Port Vila (Vanuatu), Suva (Fiji), and Honiara (Solomon Islands), 14 August 2018
- Targeting Pacific island states to transit and traffic synthetic drugs and related precursor chemicals, has increased in recent years. However, there is no systematic collection and reporting of data and information from countries across the region. To address this situation, the UNODC Global Synthetic Monitoring: Analyses, Reporting and Trends (SMART) Programme met and worked with policy makers and national authorities of three countries in the Pacific, namely Fiji, the Solomon Islands, and Vanuatu for two weeks during late July and early August 2018.   

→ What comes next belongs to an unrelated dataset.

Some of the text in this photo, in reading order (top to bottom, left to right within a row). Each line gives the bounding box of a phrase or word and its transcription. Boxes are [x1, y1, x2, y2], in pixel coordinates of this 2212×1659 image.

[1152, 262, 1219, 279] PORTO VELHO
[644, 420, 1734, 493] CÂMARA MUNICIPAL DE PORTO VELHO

"The recent UNODC Transnational Organized Crime in the Pacific: A Threat Assessment pointed out that Pacific island countries are not represented in global drug situation reports due to the lack of data and information reported from the region", said Inshik Sim of UNODC. "We are here to support the generation, collection, and management of data on illicit drugs and build a strong coordination mechanism among national authorities to monitor and address increasing synthetic drug challenges."  

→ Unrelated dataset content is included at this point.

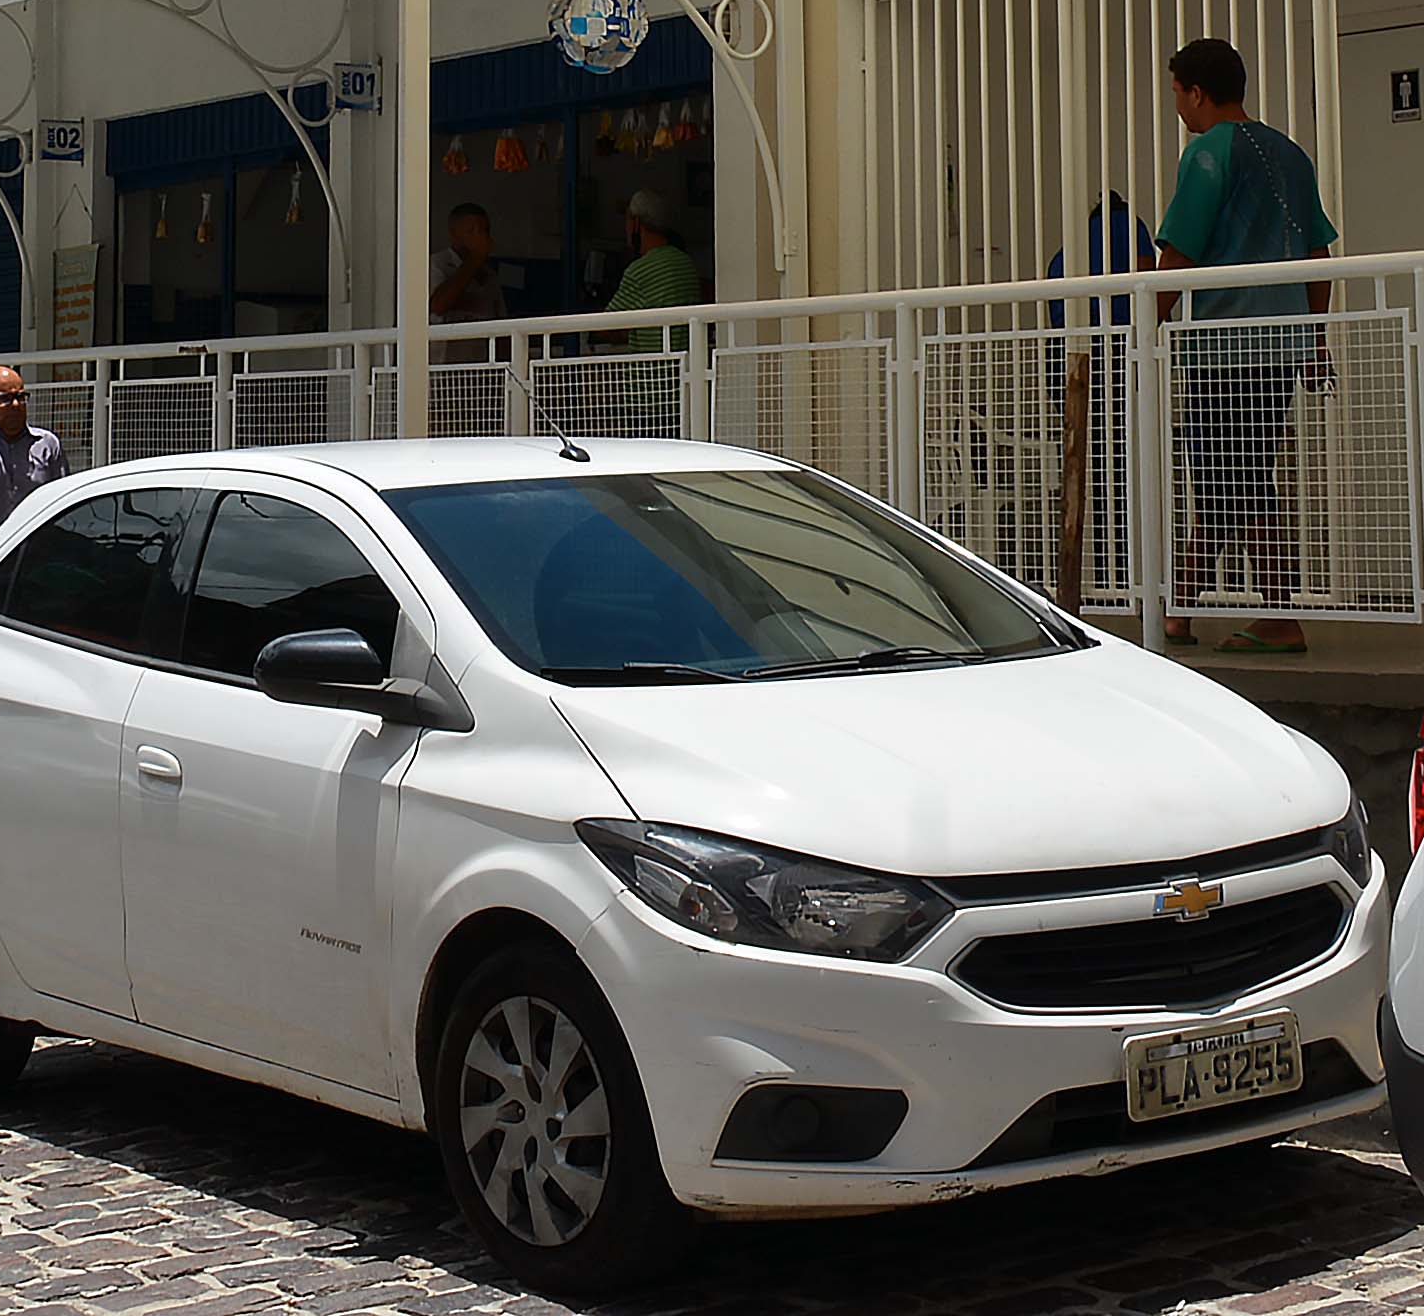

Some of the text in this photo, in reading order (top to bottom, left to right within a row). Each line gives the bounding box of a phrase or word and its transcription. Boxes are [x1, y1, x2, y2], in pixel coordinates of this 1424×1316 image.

In the Solomon Islands and Vanuatu, the SMART programme, in cooperation with the New Zealand Customs, conducted national workshops to discuss progress made on recommendations from previous workshops in 2017. These were designed to enhance the capacity for collection of illicit drug data and the UNODC team helped the countries with the development of practical solutions to address data gaps. In addition, participating authorities and UNODC have agreed to establish national coordination mechanisms on drug control for data sharing and reporting purposes. For the Government of Fiji, UNODC contributed to the 3rd National Narcotics Committee meeting by providing briefings on recent trends and patterns of illicit drug markets that may have implications for the country, and also raised awareness about new psychoactive substances (NPS) that are available in the drug markets.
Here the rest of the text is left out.